Au-delà de la peur de voir les noms des membres de sa propre famille parmi ceux des morts, elle était ravagée par la culpabilité. En Pennsylvanie elle avait accès en permanence à l’eau et à l’électricité. Au pays, sa famille pouvait avoir l’une ou l’autre, quatre à cinq heures par jour.

À Gaza, Melle Tafesh portait un hidjab et elle est arrivée au collège en le portant. Maintenant, après l’augmentation des crimes de haine contre des Américains musulmans et une interdiction partielle d’accès faite aux voyageurs de six pays à majorité musulmane, elle ne le porte plus. « On m’a trop regardée et dévisagée » dit-elle. « Je l’ai porté une ou deux fois, mais je m’intègre mieux et je fais des choses bien plus facilement si je ne le porte pas ».
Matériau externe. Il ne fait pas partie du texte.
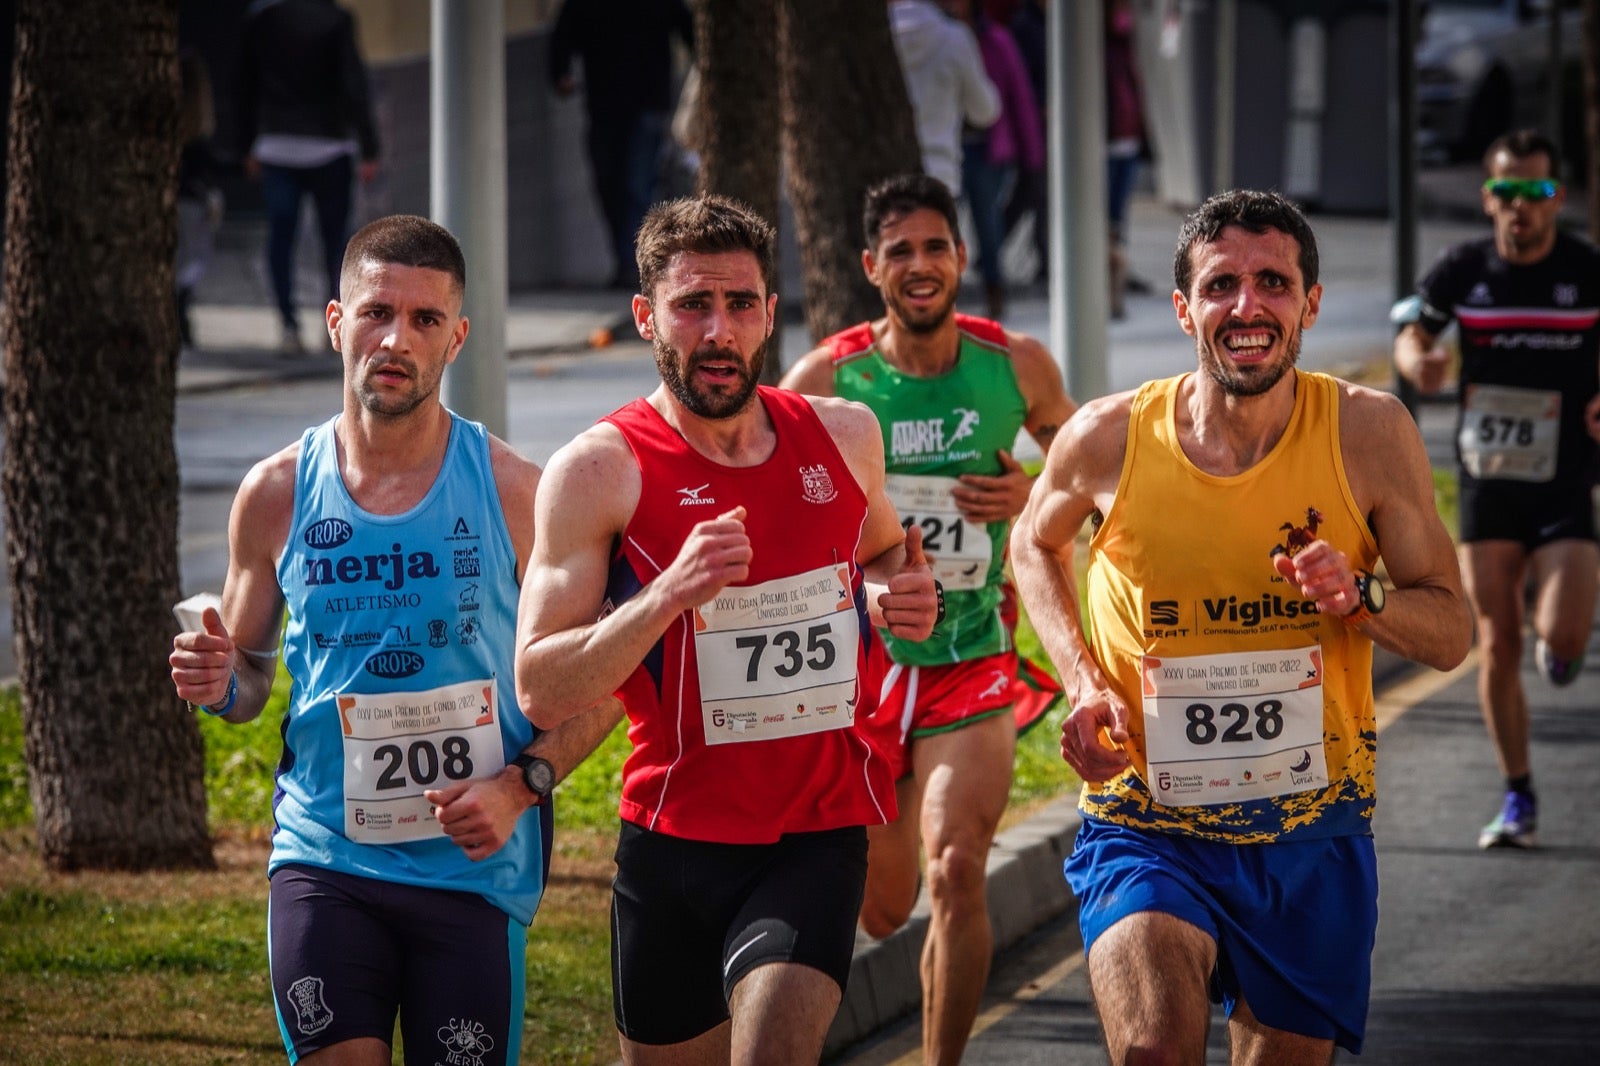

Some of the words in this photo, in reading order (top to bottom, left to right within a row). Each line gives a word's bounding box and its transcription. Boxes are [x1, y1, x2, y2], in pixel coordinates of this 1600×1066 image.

Wilson organise un rapprochement entre des étudiants étrangers et des locaux désireux d’aider et, sur les photos de sa remise de diplôme, Melle Tafesh se trouve entre les membres d’un couple américain, Bob et Pat Keffer. « Ghada est une personne très positive », dit Mme Keffer. « Je sais qu’elle est passée par beaucoup de choses dans sa vie, mais je ne l’ai jamais vue effondrée, bien que cela lui arrive probablement par moments. Elle a fait connaissance du reste de ma famille, elle appelle mes parents, grand-père et grand-mère, et nous l’aimons tous.

Je ne connaissais pas beaucoup de Musulmans, et j’ai beaucoup appris sur la foi musulmane et appris que je devrais être plus tolérante ». Bien que Melle Tafesh donnerait tout pour être ce jour-là avec ses parents qui n’ont pas pu venir pour la remise de diplôme, vu la difficulté  à sortir de Gaza, le concept de famille a pris un sens encore plus important pour elle. « Si je n’avais pas le sentiment d’avoir une famille et une maison ici, je n’aurais jamais pu rester » dit-elle. « Cela m’aide à avancer ».

Melle Tafesh projette de rentrer à Gaza après l’obtention de son master en mai prochain. D’ici là, cela fera presque six ans qu’elle n’a pas été chez elle. De retour à Gaza, elle veut enseigner à l’université et mettre les Gazaouis face aux principes d’une formation générale. « Ici, on développe ses facultés de pensée et on apprend à ne pas être un consommateur passif » m’a-t-elle dit. « C’est ce que je fais à la fin de la journée, pour créer une vie meilleure, de retour chez moi ».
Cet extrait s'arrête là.